Nietzsche odiaba a los griegos por ser excesivamente racionales, haber creado la civilización y la cultura y ser los primeros que encerraron al toro, la bestia, el minotauro (o la animalidad) en una prisión luchando contra el caos y el descontrol. Pero, sobre todo, por haber acabado con el misterio creando mitos y tragedias que eran, en el fondo, maneras a través de las que expresaban su angustia. Su sometimiento a la racionalidad, lo apolíneo, lo bello, las luces.
Nietzsche deseaba que los griegos vivieran en las cavernas. Le hubiera gustado que nunca hubieran vislumbrado el resplandor. Deseaba, sí, que fueran egipcios. Que no hubieran aclarado las profundidades de la noche ni construido caminos sobre arenas movedizas pobladas de pétalos caídos. Nietzsche odiaba a los griegos porque habían separado a los actores del público creando el teatro y matando la fiesta. Y, aún más, porque consiguieron convertir a un cobarde, Sócrates, en un valiente y, apostando por el perfeccionamiento del alma y el idealismo, crearon los mimbres perfectos para el posterior desarrollo del cristianismo.

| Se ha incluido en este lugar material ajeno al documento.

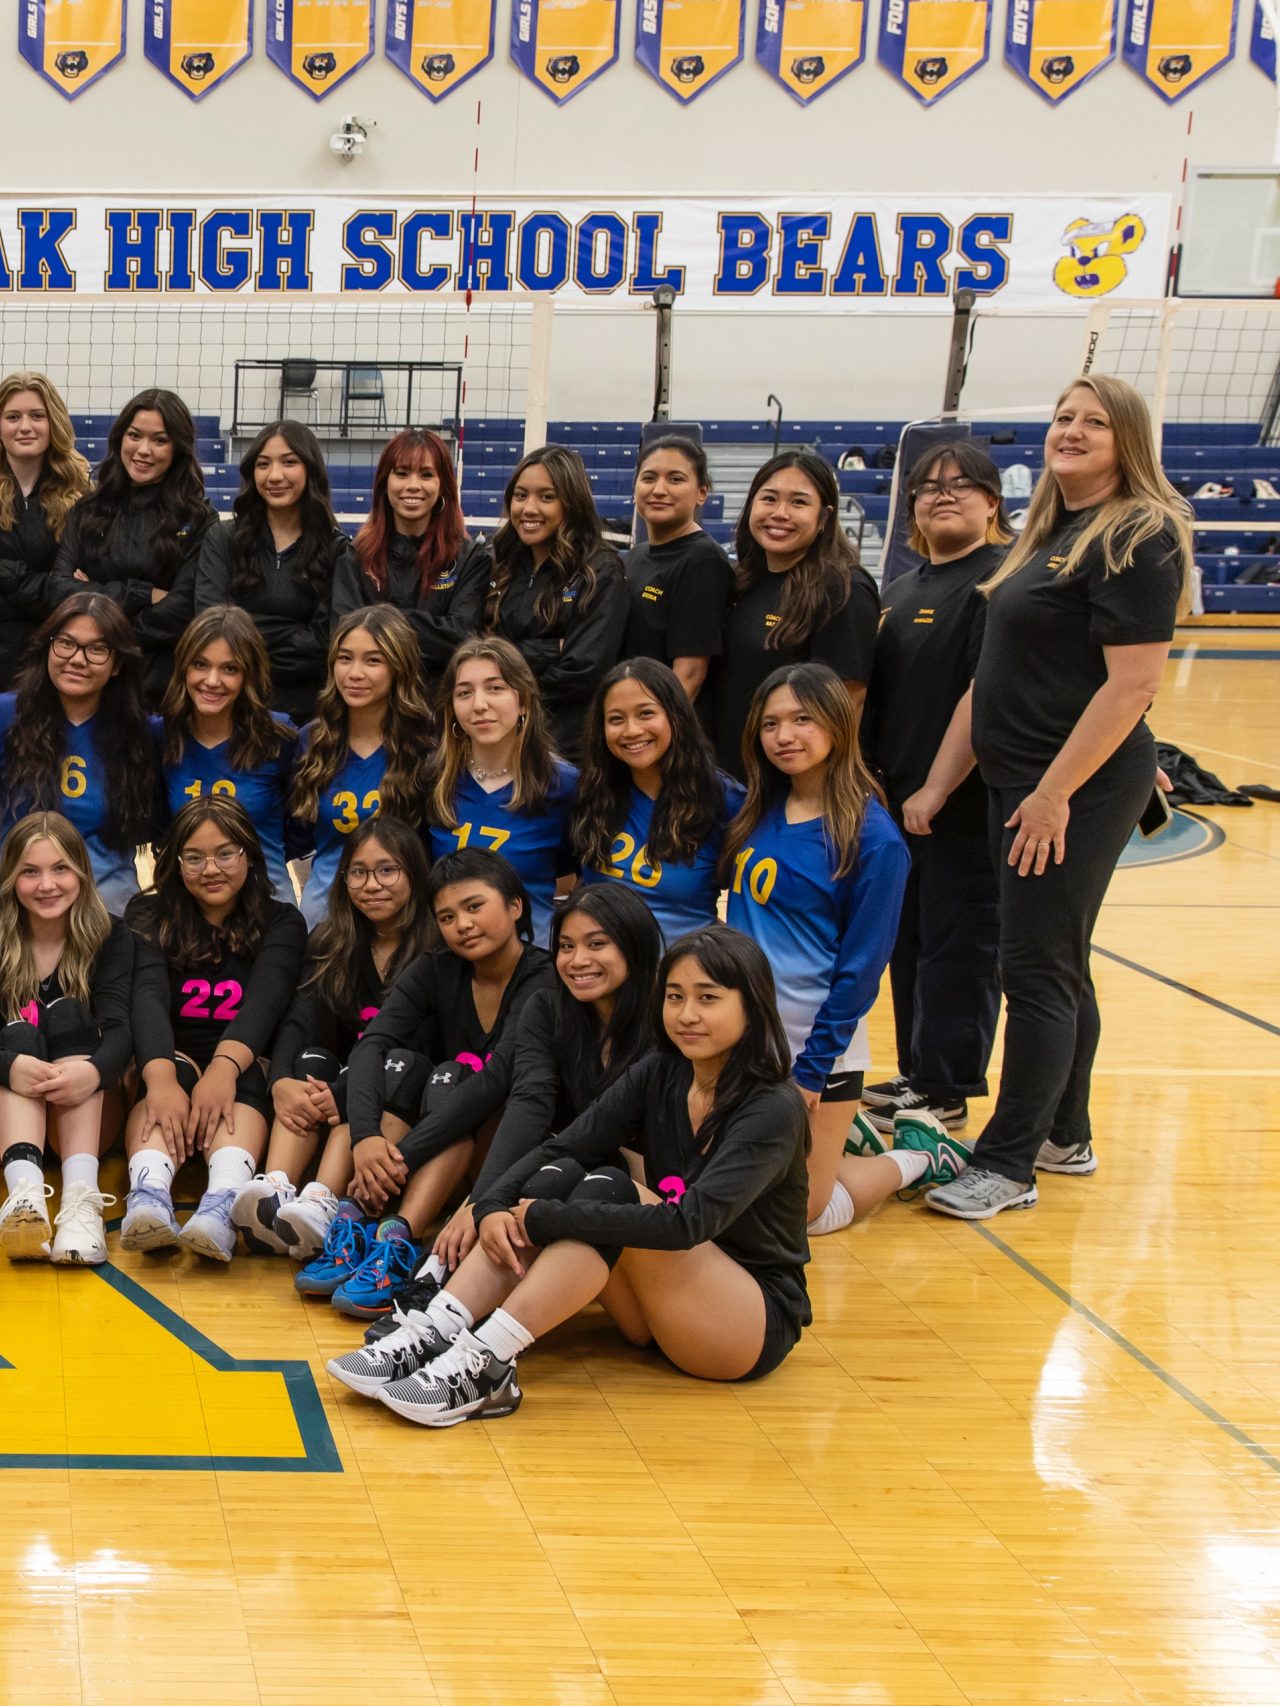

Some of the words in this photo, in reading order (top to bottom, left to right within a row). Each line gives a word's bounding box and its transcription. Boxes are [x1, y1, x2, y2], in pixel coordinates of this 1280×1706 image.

La relación entre Nietzsche y los griegos es tan contradictoria como una novela surreal o un sueño amorfo. Pareciera que no había día en el que Nietzsche no pensara en los helenos. Maldijera su abstruso platonismo o rescatara conceptos de Parménides o Heráclito para incidir en su obsesivo trabajo consistente en destruir la filosofía y el mundo a martillazos. Nietzsche basó su idea del Superhombre en las elititistas ideas contenidas en la República platónica. Y por ello odió la vulgarización del arte del diálogo que los seguidores de Platón realizaron. Tanto como el desarrollo extremo de ideas igualitarias que se produjo en ciertos períodos de la historia griega, que no tenían nada que ver con las clasistas sostenidas por aquel pensador idealista de quien Aristóteles aprendió a manipular el lenguaje y el significado. A ser maquiavélico y práctico con las palabras, malévolo si es posible, siglos antes de la escritura de El príncipe.

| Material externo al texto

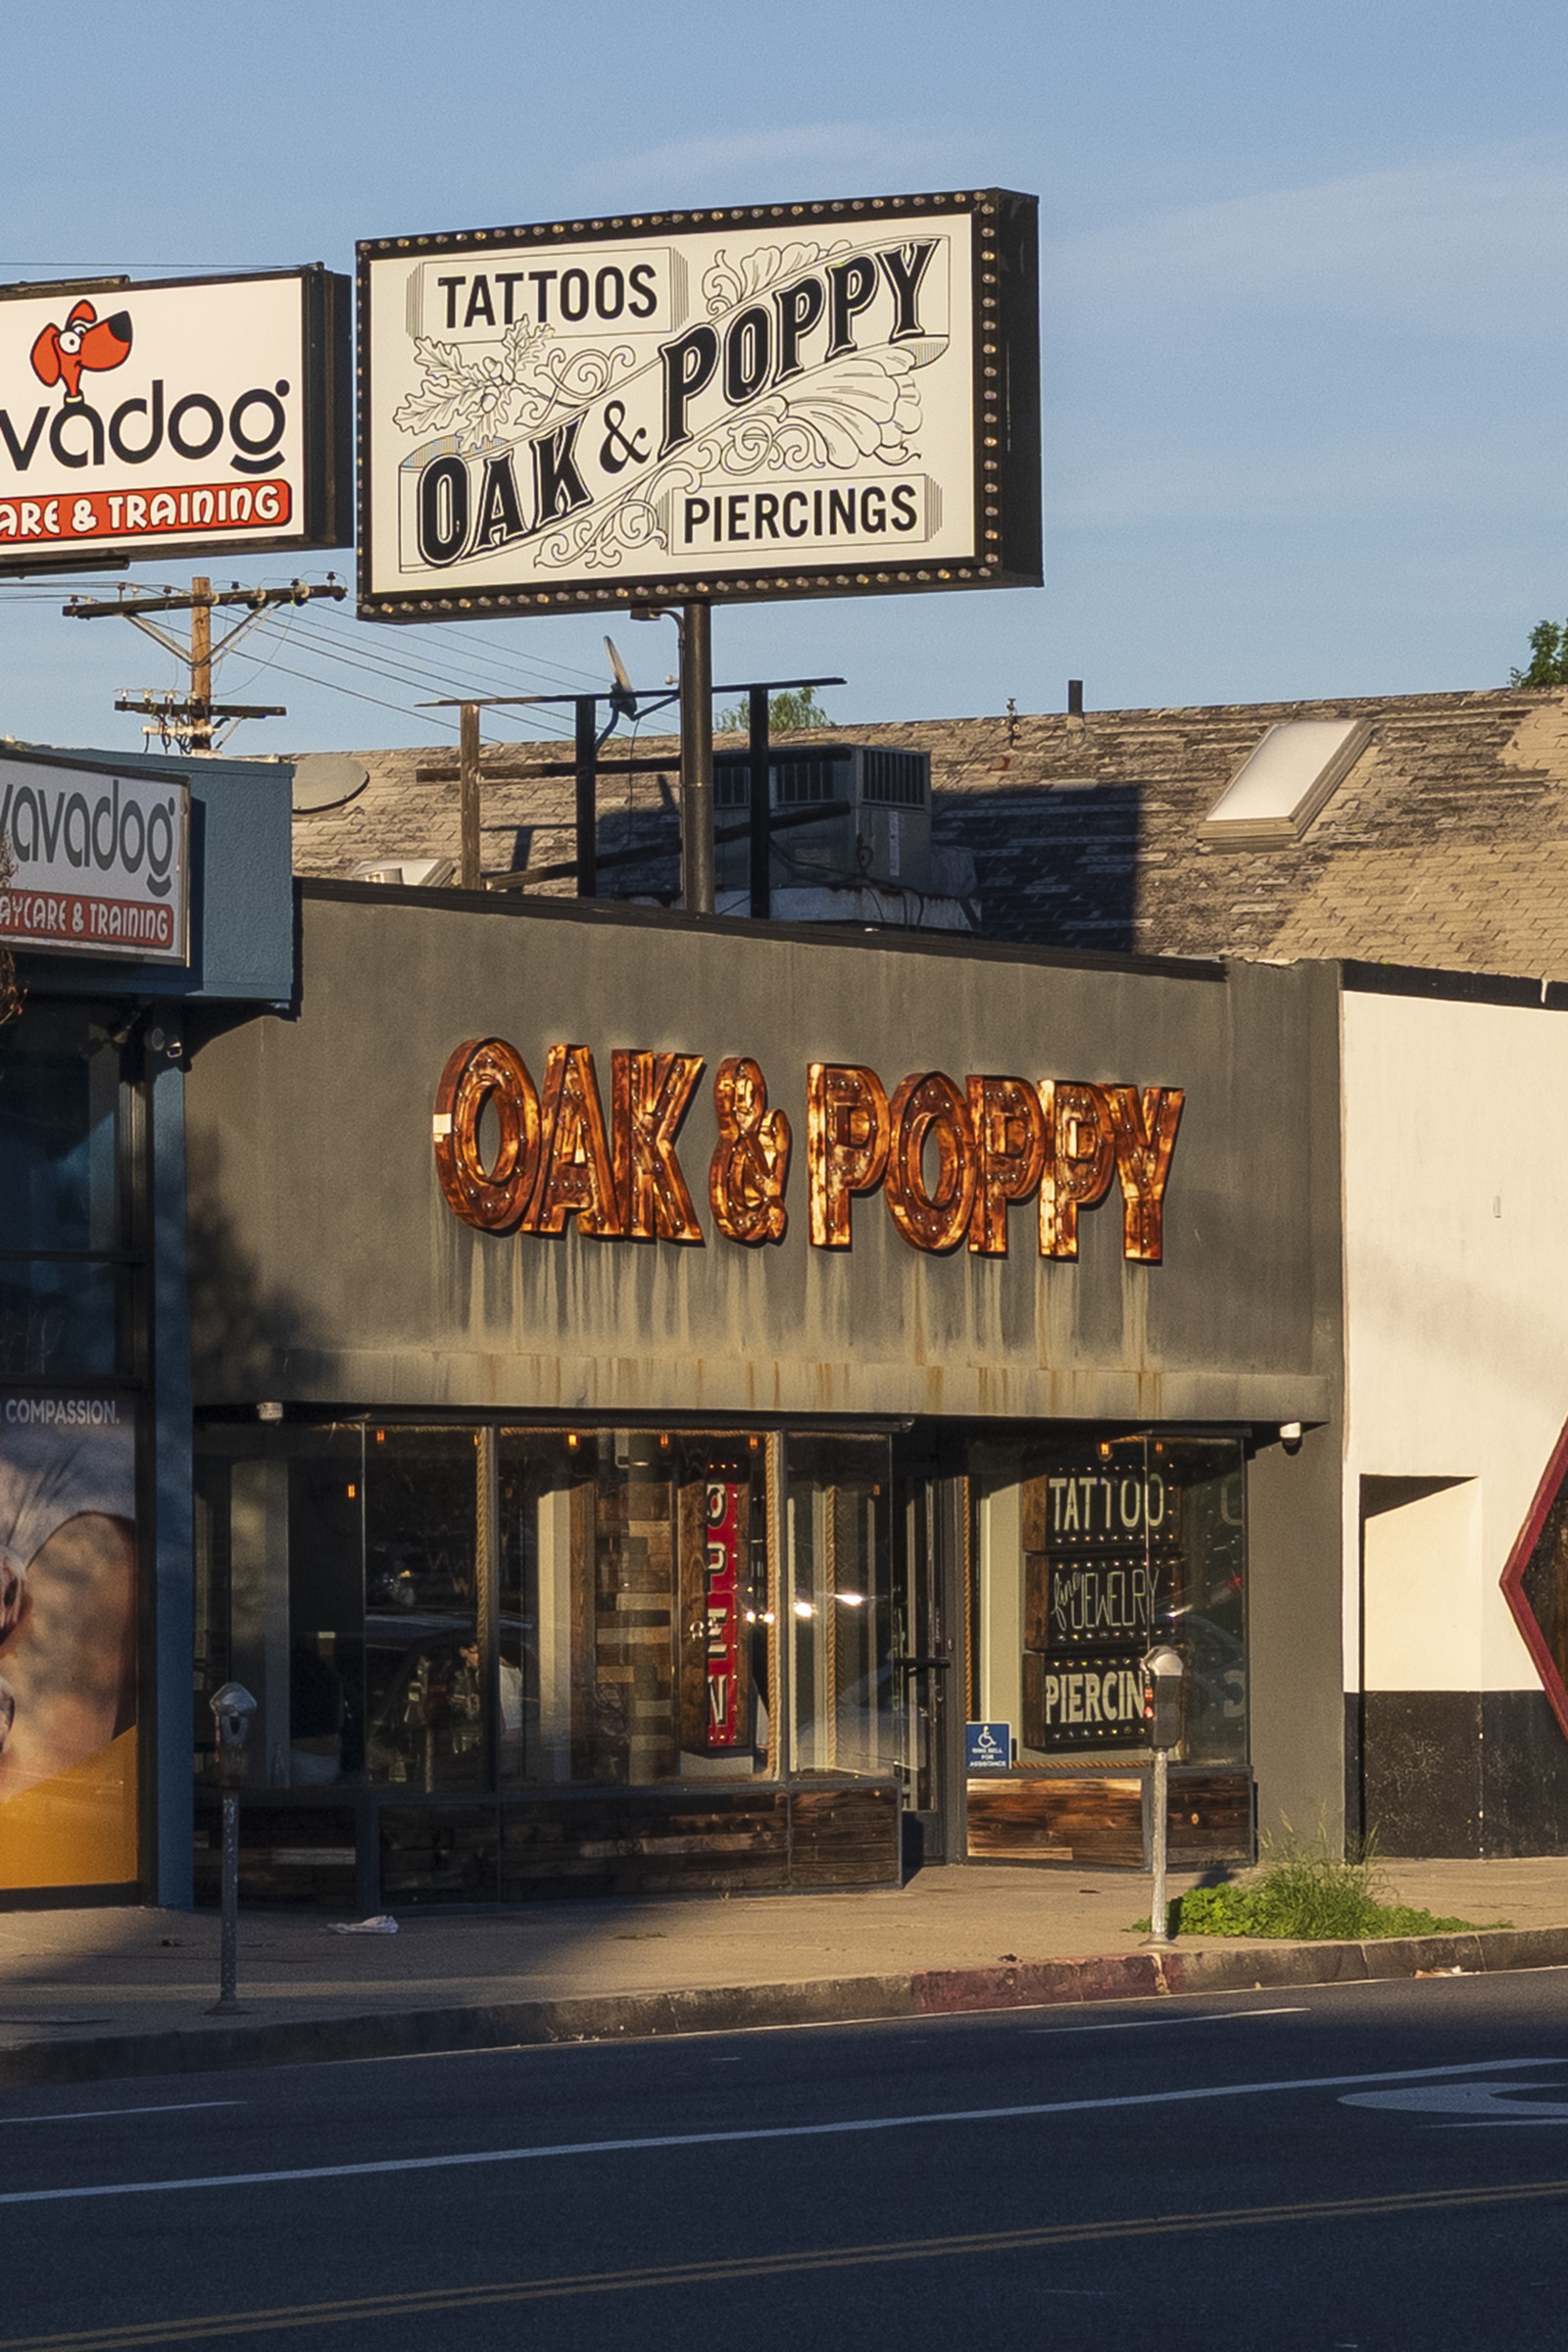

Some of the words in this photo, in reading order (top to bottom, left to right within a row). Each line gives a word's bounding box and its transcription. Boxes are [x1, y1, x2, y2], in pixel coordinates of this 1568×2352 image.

Nietzsche, sí, fue el primer filósofo que deseó la quema del Partenón para levantar allí una estatua gigantesca de su cabeza echando fuego. Destrozando las palabras y los palacios, las calles y las efigies para recibir con los brazos abiertos la llegada del tiempo de los mitos, las aves y los símbolos. El tiempo previo al del minotauro. Aquel regido por ley del Talión donde los gritos de los hombres se confundían con los de las bestias en medio de guerras y orgías.
Nietzsche soñaba con un banquete donde le fueran entregadas las cabezas de todos los filósofos griegos chorreando aceite en inmensos platos condimentados con pedacitos del cuerpo de Cristo. Porque Nietzsche odiaba profundamente la cultura y la religión. Era un salvaje. Un bárbaro. Un alemán. Más aún, al igual que Fassbinder, era un alemán castrado. Su sueño más recurrente era poder emborracharse eternamente sobre alguna de las colinas que rodean al Rhin. Maldecir a Prometeo y reírse de su sacrificio. Nietzsche desbordaba odio hacia Grecia. Esa racionalidad llena de prohibiciones que no le permitían acostarse con su padre y su madre. Quería ser, sí, el primer ser humano en conseguir todo aquello que deseaba. Anhelaba ser un dios. Lograr que civilizaciones se hundieran con una sola de sus palabras y enfrentarse desnudo con tan sólo una espada en las manos a tiburones y leones.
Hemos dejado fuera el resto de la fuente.